Tres días, tres medallas, tres veces

Con Tokio 2020 a un año de celebrarse, es propicio recordar tres gloriosos días en tres justas olímpicas diferentes donde tres mexicanos subieron al podio y llenaron de gloria a México.

Por: Rodrigo López

Treinta y dos años, 11,705 días además de siete Juegos Olímpicos, tuvieron que pasar para que México tuviera otra jornada de tres medallas olímpicas en un día; han pasado tres años de aquella tarde en Río que se unió a Los Ángeles y a la capital mexicana como ciudades de gloria para el olimpismo nacional.

México 1968

24 de octubre, la Alberca Olímpica Francisco Márquez retumbaba de la emoción pues María Teresa Ramírez cerraba de manera espectacular los 800 metros estilo libre femenil para –inesperadamente y con una décima de segundo de ventaja- llegar en tercer lugar y subirse al podio olímpico.

María Teresa (izq.) gana dramáticamente el bronce en México 68.
María Teresa (izq.) gana dramáticamente el bronce en México 68.
Foto: El Sol de México

A unos kilómetros, en la Arena México, Agustín Zaragoza y Joaquín Rocha perdían las semifinales de boxeo ante peladores rusos y checoslovacos (los mejores de la época) sin embargo, les fue suficiente para colgarse el bronce.

26 de octubre, nuevamente la Alberca Olímpica se tiñó de gloria pues Álvaro Gaxiola, en el ocaso de su carrera, dio una exhibición casi perfecta en la plataforma de 10 metros y ganó plata.

Unas horas después, nuevamente en “la México”, los pugilistas Ricardo Delgado y Antonio Roldán, ambos venciendo a los grandes favoritos, el polaco Arthur Olech y el americano Albert Robinson respectivamente.

Dos oros y una plata para México.

Los Ángeles 1984

Viernes 3 de Agosto, el sol de California estaba “en su punto” al mediodía cuando Ernesto Canto entraba al Coliseo de Los Ángeles liderando la marcha de 20 kilómetros, segundos después Raúl González aparecía en el mismo escenario como segundo lugar.

Nadie les quitaría el “1-2” para México (el último doblete hasta la fecha en los juegos para el país). Canto rompería el récord olímpico gracias a su tiempo de 1:23:13, apenas siete centésimas adelante de su compatriota y dejando atrás al italiano Maurizio Domilano quien llegaba como vigente monarca.

Más tarde, en el velódromo, Manuel Youshimatz daba la gran sorpresa al colarse en el podio de la carrera por puntos consiguiendo 29 unidades gracias a un gran cierre que sólo lo dejó una vuelta atrás del belga Roger Ilegems y del alemán Uwe Messerschmidt.

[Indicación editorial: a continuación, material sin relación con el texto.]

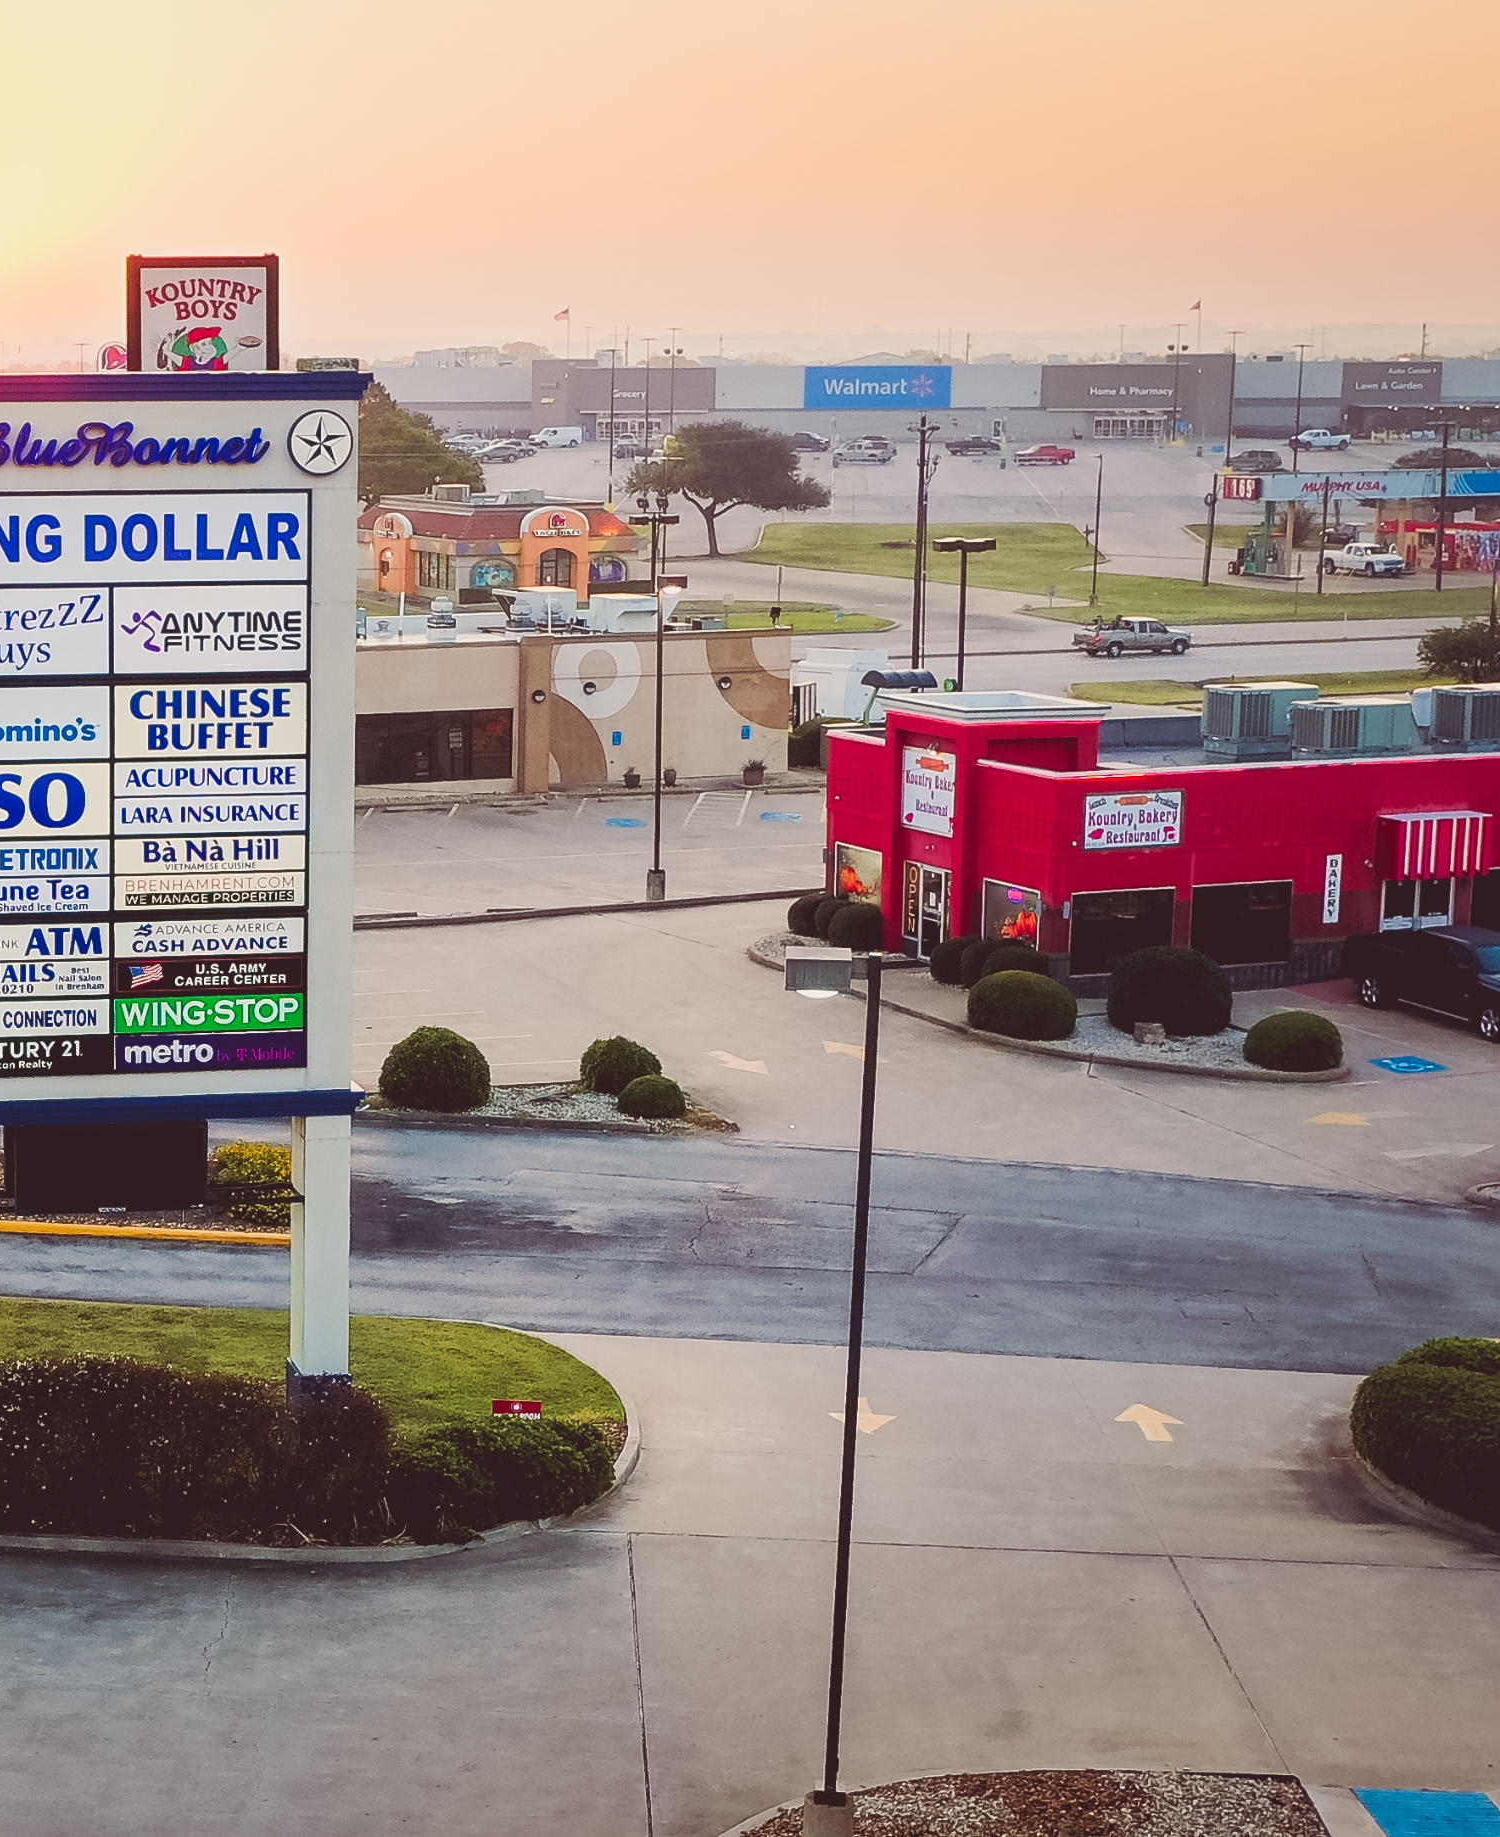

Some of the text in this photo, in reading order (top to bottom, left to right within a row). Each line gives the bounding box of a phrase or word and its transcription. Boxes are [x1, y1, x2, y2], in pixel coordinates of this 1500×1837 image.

[145, 278, 263, 308] KOUNTRY
[174, 299, 238, 321] BOYS
[612, 388, 646, 400] Grocery
[823, 378, 908, 395] Walmart
[1089, 385, 1174, 397] Home & Pharmacy
[1355, 380, 1423, 390] Lawn & Garden
[1355, 481, 1381, 491] USA
[84, 512, 302, 562] DOLLAR
[160, 610, 302, 634] ANYTIME
[164, 634, 302, 652] FITNESS
[129, 688, 291, 719] CHINESE
[147, 722, 274, 750] BUFFET
[125, 766, 297, 788] ACUPUNCTURE
[906, 770, 932, 790] Kountry
[121, 804, 300, 824] LARA INSURANCE
[915, 799, 948, 816] Restaurant
[1088, 808, 1178, 827] Kountry Bakery
[1106, 828, 1161, 844] Restaurant
[142, 838, 279, 863] Bà Nà Hill
[164, 862, 257, 871] VIETNAMESE CUISINE
[46, 879, 90, 901] Tea
[125, 876, 295, 892] BRENHAMRENT.COM
[1327, 858, 1339, 918] BAKERY
[37, 902, 52, 911] Ice
[55, 902, 88, 911] Cream
[126, 891, 294, 905] WE MANAGE PROPERTIES
[907, 866, 918, 933] OPEN
[155, 922, 286, 935] ADVANCE AMERICA
[24, 927, 103, 956] ATM
[132, 936, 288, 953] CASH ADVANCE
[195, 963, 266, 974] U.S. ARMY
[78, 974, 102, 982] Salon
[174, 974, 287, 986] CAREER CENTER
[2, 1009, 97, 1029] CONNECTION
[124, 1040, 214, 1064] metro
[216, 1048, 232, 1066] by
[250, 1046, 295, 1061] Mobile
[18, 1060, 53, 1070] Realty

Manuel Youshimatz compitiendo en LA 84' TRES
Manuel Youshimatz compitiendo en LA 84'
FOTO: COM

Cayó la noche y con ella se confirmó la historia ya que la bandera mexicana visitó cada una de las posiciones del podio en unos Olímpicos.

11,705 días después…

Río 2016

Sábado 20 de Agosto de 2016. Arena Carioca 3 de Río de Janeiro. Cuatro pm.

María del Rosario Espinoza ganaba dramáticamente en punto de oro a la norteamericana Jackie Galloway para asegurar medalla. Más tarde caería en la final ante la china Shuyin Zheng por lo que se colgó la plata en la categoría de los +67 kilogramos en taekwondo.

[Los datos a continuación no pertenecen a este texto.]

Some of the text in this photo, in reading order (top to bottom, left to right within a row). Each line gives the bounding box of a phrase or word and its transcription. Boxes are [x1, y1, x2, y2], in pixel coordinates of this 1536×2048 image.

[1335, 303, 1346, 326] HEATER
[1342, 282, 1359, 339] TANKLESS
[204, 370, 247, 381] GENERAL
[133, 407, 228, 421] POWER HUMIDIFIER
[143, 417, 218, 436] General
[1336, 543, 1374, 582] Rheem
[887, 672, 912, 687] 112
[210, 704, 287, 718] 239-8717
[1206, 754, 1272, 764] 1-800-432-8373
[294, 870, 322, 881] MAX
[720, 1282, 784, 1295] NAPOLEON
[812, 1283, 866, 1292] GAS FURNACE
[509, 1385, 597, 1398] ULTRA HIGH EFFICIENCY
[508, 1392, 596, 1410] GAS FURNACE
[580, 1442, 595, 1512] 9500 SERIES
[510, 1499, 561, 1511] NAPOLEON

Al mismo tiempo en que “Chayito” aseguraba presea, Germán Sánchez se lanzaba 10 metros hacia el agua desde la plataforma en el Complejo Acuático; De sus seis clavados en ninguno bajó del promedio de ocho y a pesar de calificar en último lugar a la final, se colgó el metal argento que además significó el catorceavo podio para México en clavados (lo que convierte a esta disciplina como la más fructífera para la nación en JJ.OO).

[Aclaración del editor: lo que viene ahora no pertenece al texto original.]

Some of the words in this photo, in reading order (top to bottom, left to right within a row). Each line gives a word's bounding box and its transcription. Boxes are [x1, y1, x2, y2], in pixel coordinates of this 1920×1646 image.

En la noche, se dio la que probablemente es la sorpresa más grande que ha dado México en Olímpicos pues Ismael Hernández de pentatlón moderno, corría a la meta en la última prueba llegando a 1468 unidades totales, apenas una más que el francés Prades pero más que suficientes para conseguir el bronce y la primera medalla en la historia de esta disciplina para México.

El de Cuautla no estaba considerado ni en el top-10 de su disciplina.

Los tres medallistas sonríen con sus preseas.
Los tres medallistas sonríen con sus preseas. Foto: Milenio

Los mexicanos se fueron a la cama soñando con otra fecha igual de magnífica sin importar cuándo ni cómo, mucho menos el lugar. Solo ponen una condición, no volver a esperar 11,705 días.